I believe that possibly the most beneficial aspect of healing is often the most neglected one. The topic that immediately came to mind following my last post was mental health. The way someone responds and manages the stress in their life will shape a high degree of their wellness. It can be extremely hard to watch someone you care about suffer from stress, depression, and anxiety. Some events in life are traumatic and require the intervention of a therapist or counselor. However, I believe that a disciplined lifestyle can be a strong defense for our mental well-being. I will make two posts from this topic that investigates mental health from the standpoint of sleep and stress management.

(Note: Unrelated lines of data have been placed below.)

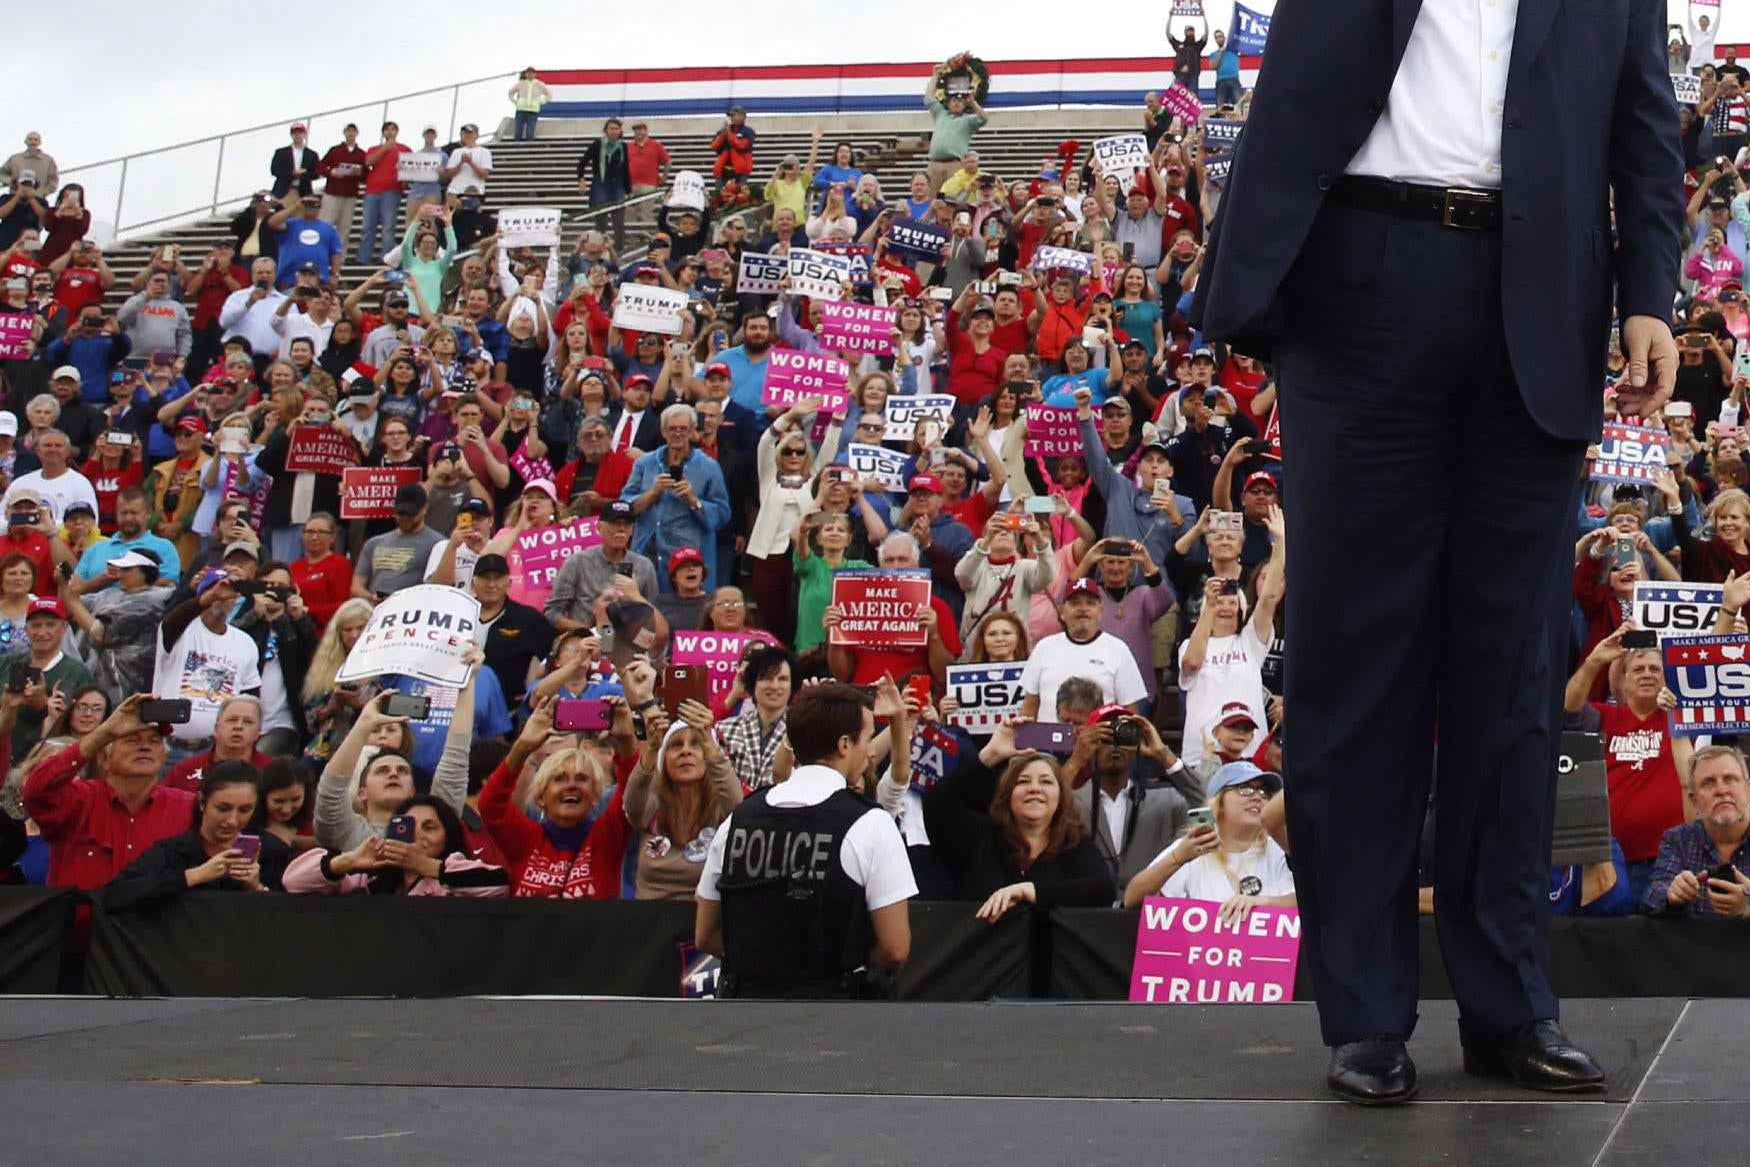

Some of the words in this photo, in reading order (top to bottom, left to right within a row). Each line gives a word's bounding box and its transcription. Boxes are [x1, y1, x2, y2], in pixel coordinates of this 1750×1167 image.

[1100, 144, 1144, 158] USA
[893, 225, 944, 245] TRUMP
[791, 261, 839, 280] USA
[825, 303, 896, 321] WOMEN
[825, 335, 888, 351] TRUMP
[771, 352, 849, 376] WOMEN
[1028, 407, 1103, 422] WOMN
[1599, 440, 1667, 461] USA
[856, 456, 904, 474] US
[841, 620, 882, 633] GREAT
[885, 619, 918, 632] AGAIN
[678, 637, 744, 653] WOM
[956, 685, 1027, 707] USA
[728, 829, 832, 879] POLICE
[1189, 947, 1242, 967] FOR
[1142, 976, 1283, 1001] TRUMP
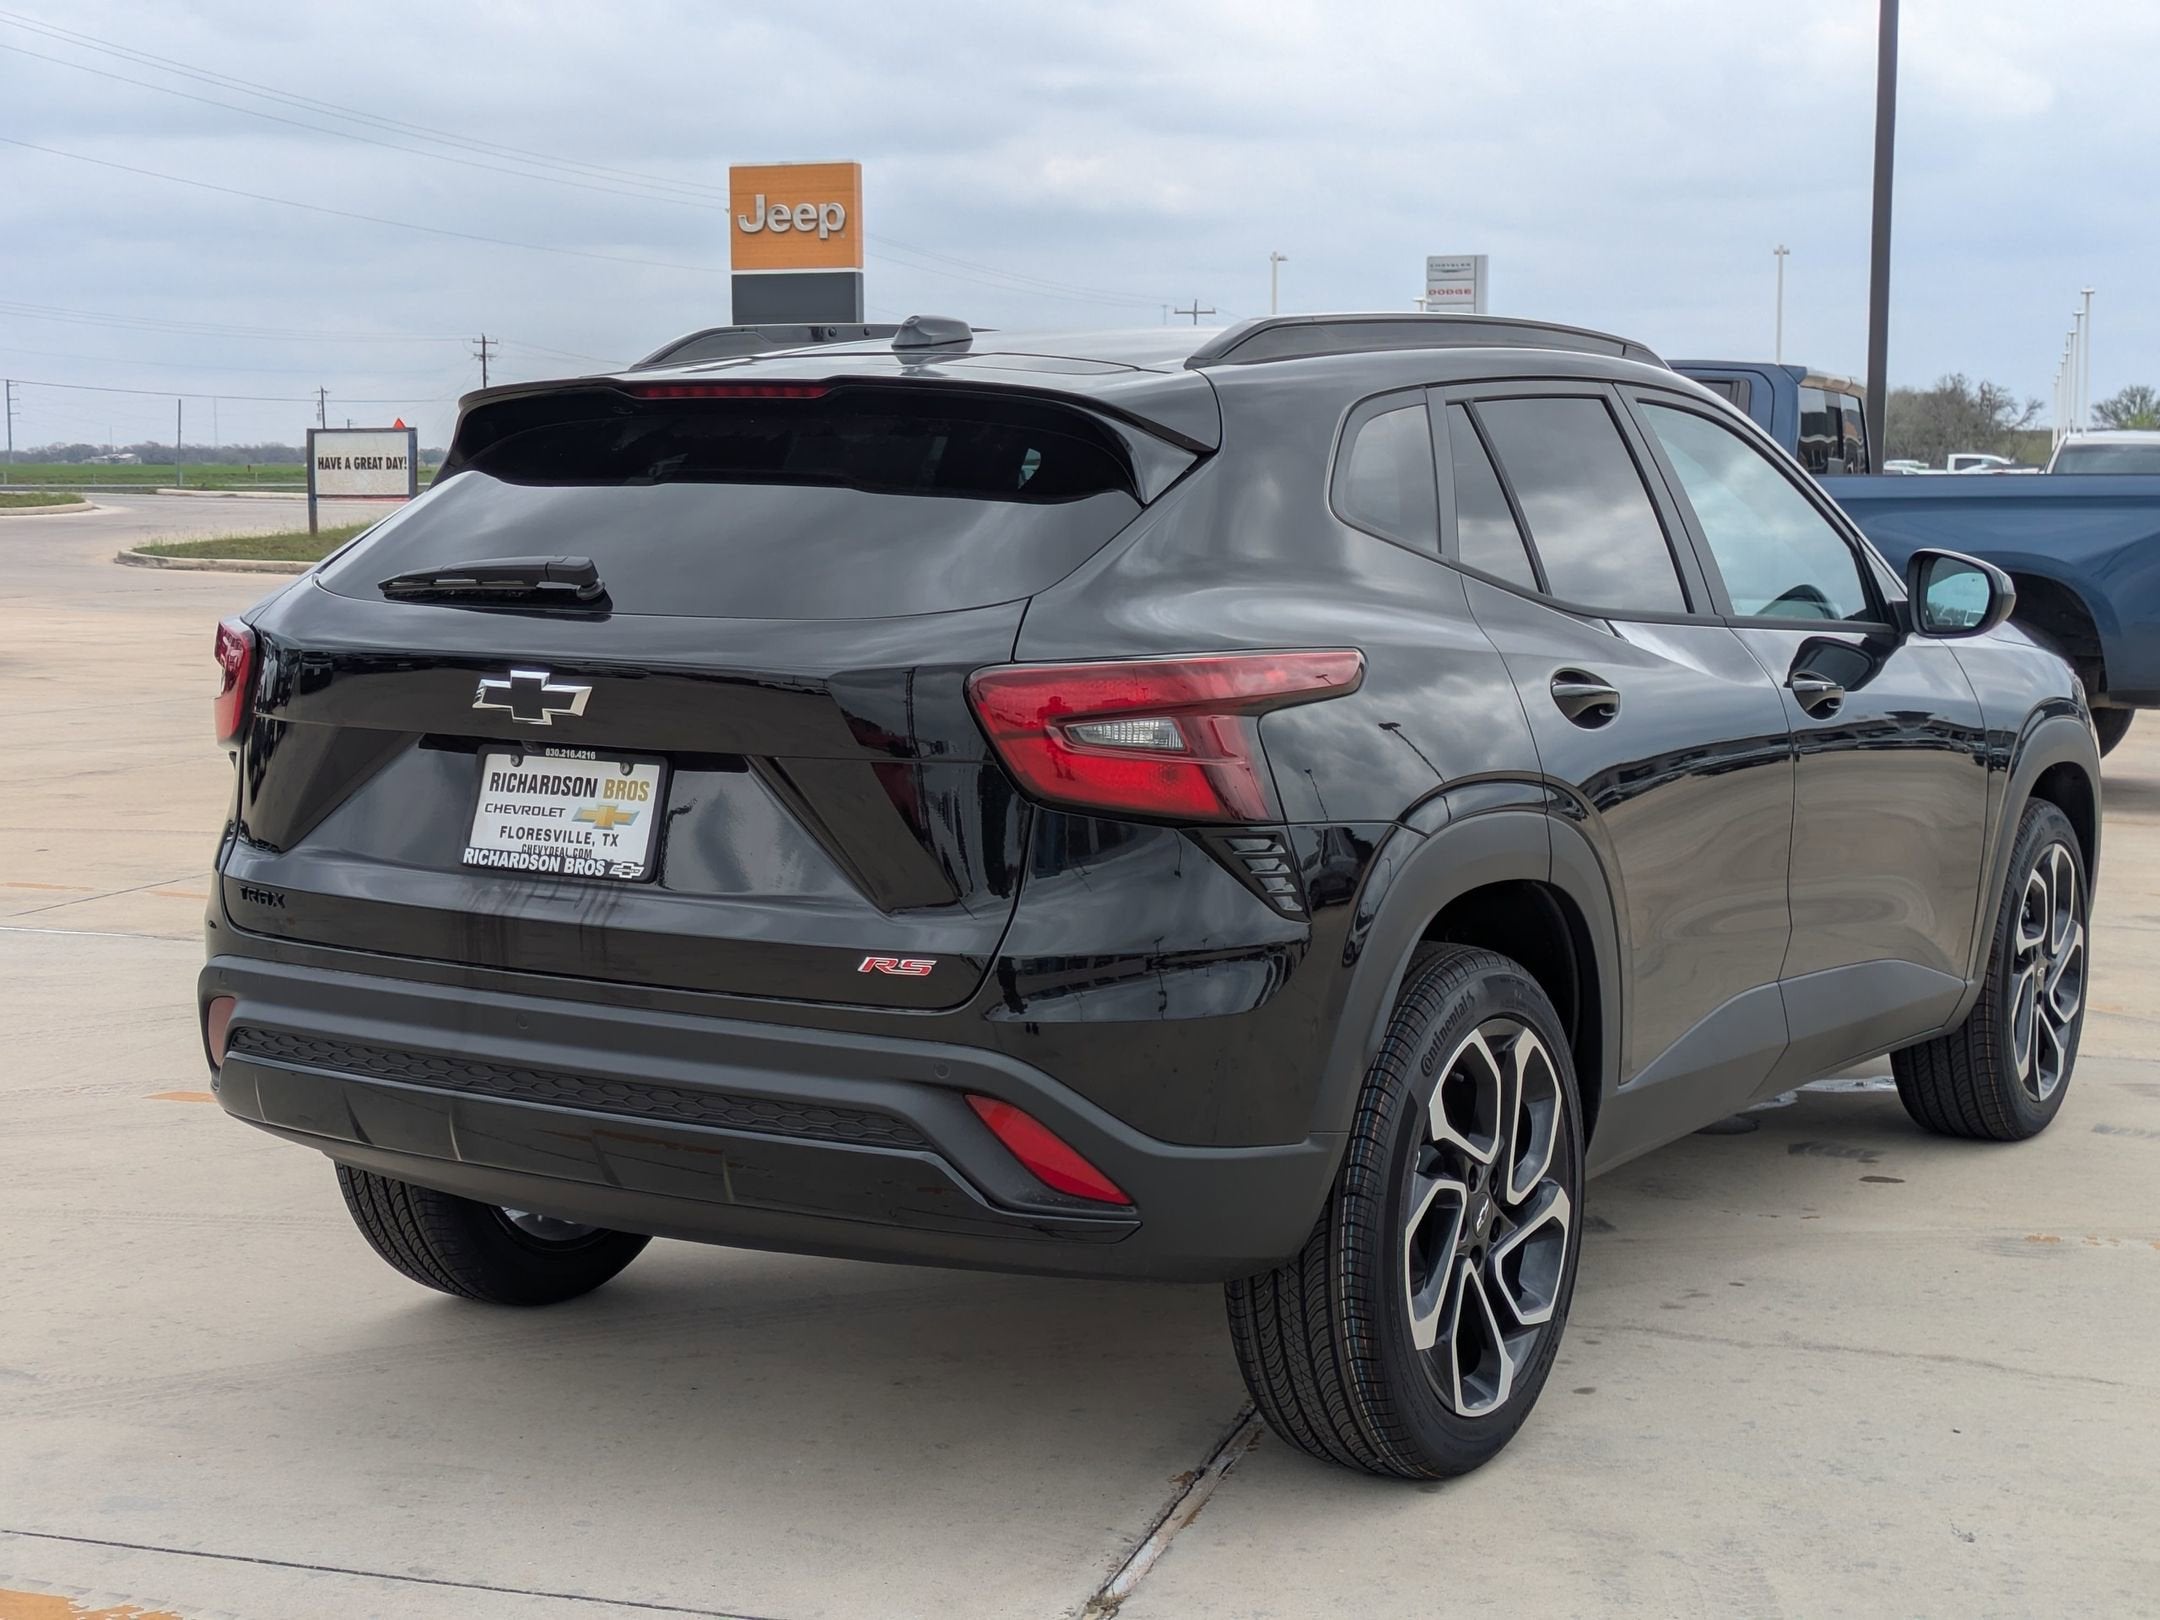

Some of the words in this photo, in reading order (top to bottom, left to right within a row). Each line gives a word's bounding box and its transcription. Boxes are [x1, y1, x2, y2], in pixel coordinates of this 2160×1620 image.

[737, 194, 846, 239] Jeep
[1428, 288, 1473, 296] DODGE
[317, 456, 342, 470] HAVE
[344, 456, 352, 470] A
[353, 456, 383, 470] GREAT
[385, 456, 408, 470] DAY!
[489, 772, 598, 798] RICHARDSON
[602, 778, 650, 802] BROS
[484, 803, 566, 818] CHEVROLET
[499, 825, 595, 847] FLORESVILLE,
[602, 833, 619, 847] TX
[463, 848, 560, 872] RICHARDSON
[563, 858, 606, 877] BROS
[858, 956, 937, 976] RS

There are dietary and supplemental options that can be helpful with stress management. Tryptophan is an amino acid that is known to increase serotonin production in our brain. Serotonin is a neurotransmitter that is responsible for our mood, cognition, and several other aspects of mental function. It is often discussed for its calming effects and potential in treating depression by elevating a person’s outlook in life. Like vitamins and minerals, amino acids are not produced in our bodies and require dietary intake. Some foods that contain tryptophan are turkey, red meat, tofu, and cacao to name a few. Dark chocolate that has a high percentage of cacao has been studied for its ability to positively impact serotonin output along with cognitive and heart health. Many anti-depression prescriptions aim to modulate serotonin production, but I will always seek a natural remedy to heal and bring balance that is without side effects.

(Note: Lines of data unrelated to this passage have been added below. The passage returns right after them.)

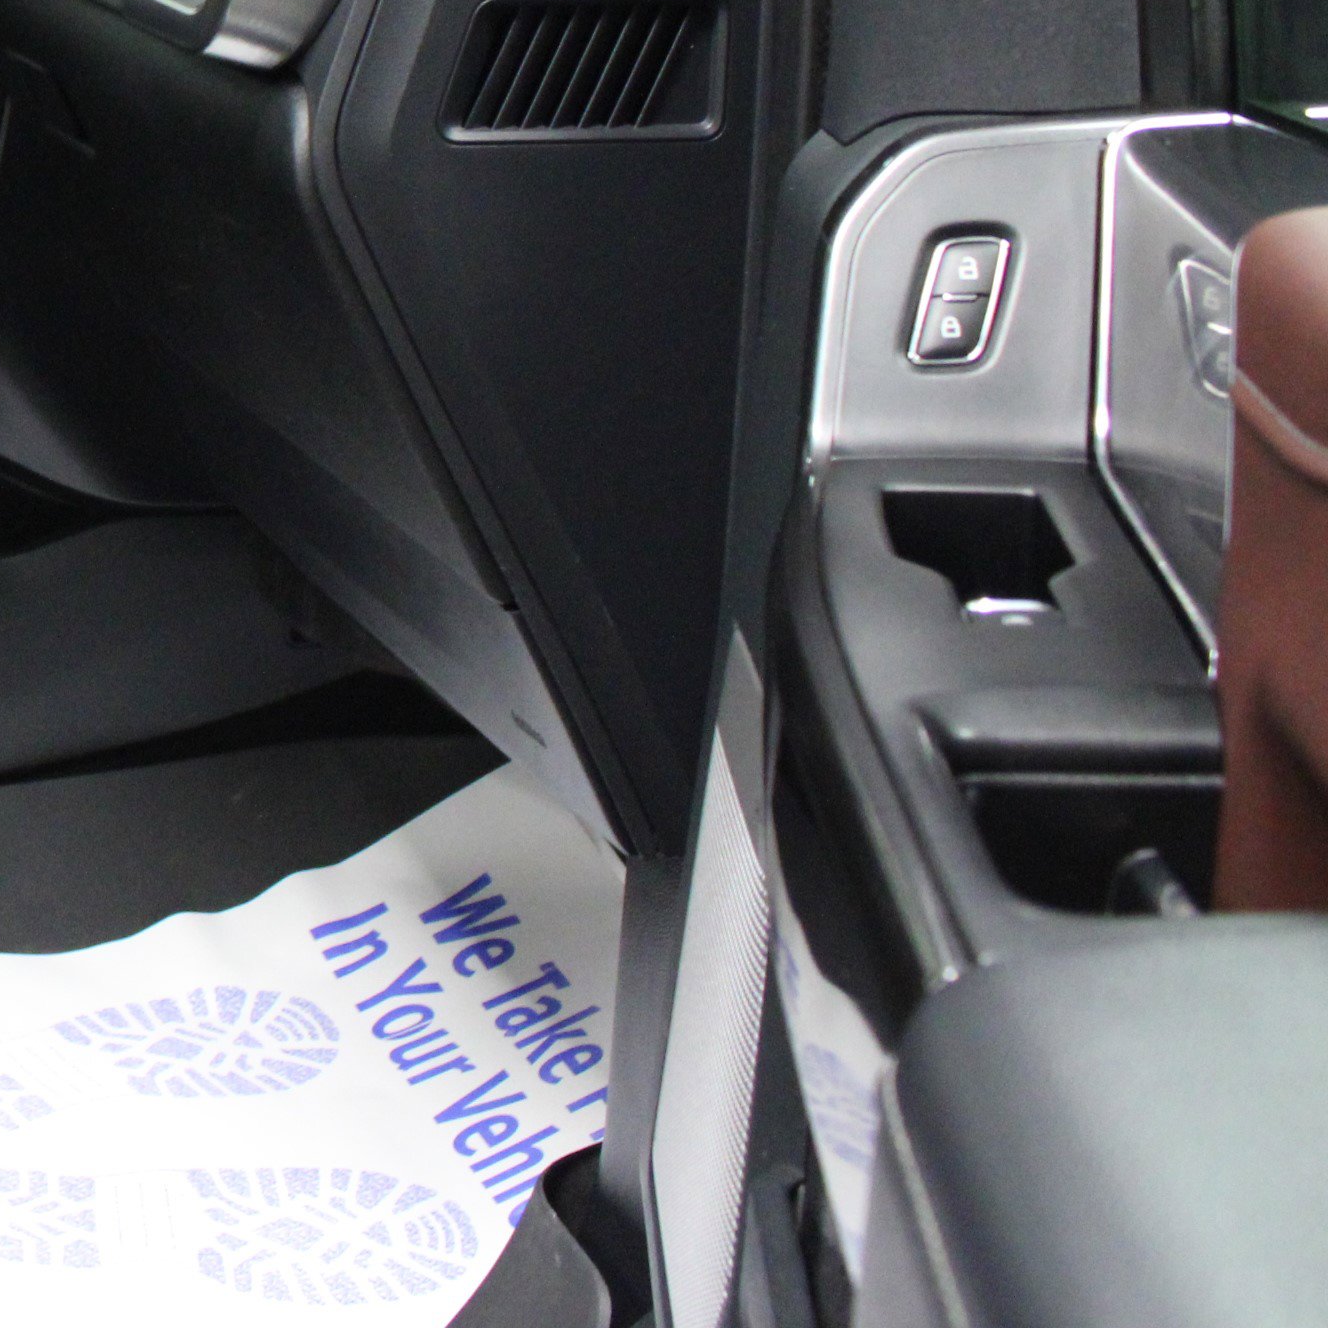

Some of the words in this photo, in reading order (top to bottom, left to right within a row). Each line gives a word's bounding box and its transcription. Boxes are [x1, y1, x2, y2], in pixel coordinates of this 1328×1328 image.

[309, 901, 390, 980] In
[355, 956, 477, 1087] Your
[433, 1068, 561, 1230] Vehi
[419, 872, 521, 978] We
[481, 960, 604, 1085] Take

Most people have heard of probiotics but not too many know about psychobiotics. Normally the word psycho will bring about a natural response of avoidance, but not with these helpful bacteria strains. We have a direct relationship between our brain and gut immune system through the trillions of bacteria that dwell in us. Two specific strains have been isolated and observed to have a positive influence on our mental state. Lactobacillus Helveticus and Bifidobacterium Longum appear to actively stimulate neurotransmitters in our brain and promote serotonin. I have not personally tried this type of neurological therapy, but research and online reviews suggest its potential for stress or anxiety.
The benefit and need for regular exercise applies to every part of our health and can affect each area when it is lacking. The convenient thing about beginning an exercise routine is that there is a type, duration, and intensity for everyone. Many include exercise for strength gain or weight loss, but the unseen reward is in its mental attributes. Exercise is a natural stress reliever through the releasing of endorphins, dopamine, and serotonin. Studies have shown that just walking for a period of at least thirty minutes a few times a week can strengthen and improve the hippocampus section of your brain. This section not only focuses on memory but also on emotional balance. I look at exercise as an investment that doesn’t cost me anything except time that is well spent.
One of the most important factors of maintaining a balanced emotional state is vitamin D. This hormone has a long list of benefits and specific roles that our bodies require for inflammation, cancer prevention, and neurological functions. Numerous studies have demonstrated a link between depression and low vitamin D levels. Personal research has led me to consider that the RDA recommendations are not always sufficient for optimal wellness. It is estimated that at least half of the U.S population is deficient and would benefit from supplementation. The dosage I take daily that contributes to my health is 10,000 iu. Regular testing is the starting point of maintaining adequate levels that will protect your health in many ways.
Lastly but most importantly, I believe mental health is greatly affected by our lifestyle in routine, habits, and relationships. All the right dietary measures or exercise can’t overlook the impact that these three can have. This can be a sensitive area of weakness for some who struggle to make the changes they know are best. Taking time to analyze and write down the details of your daily lifestyle can help identify the things that weigh on your mental health. If you’re struggling to drop a bad habit or helping someone who is, remember to be patient, consistent, and listen more than give advice.
Creating a detailed plan and routine that appeals to you can be a fun experience. You simply write down what a better you looks like and what steps are necessary to achieve it. Being focused on new interests with the desire to learn is a form of medicine that brings a smoother transition from old routines. I believe that the main points I focused on are part of the complexity that creates positive mental health. No matter where you are on this road we call life, know that you can overcome and will always come out better if you persist.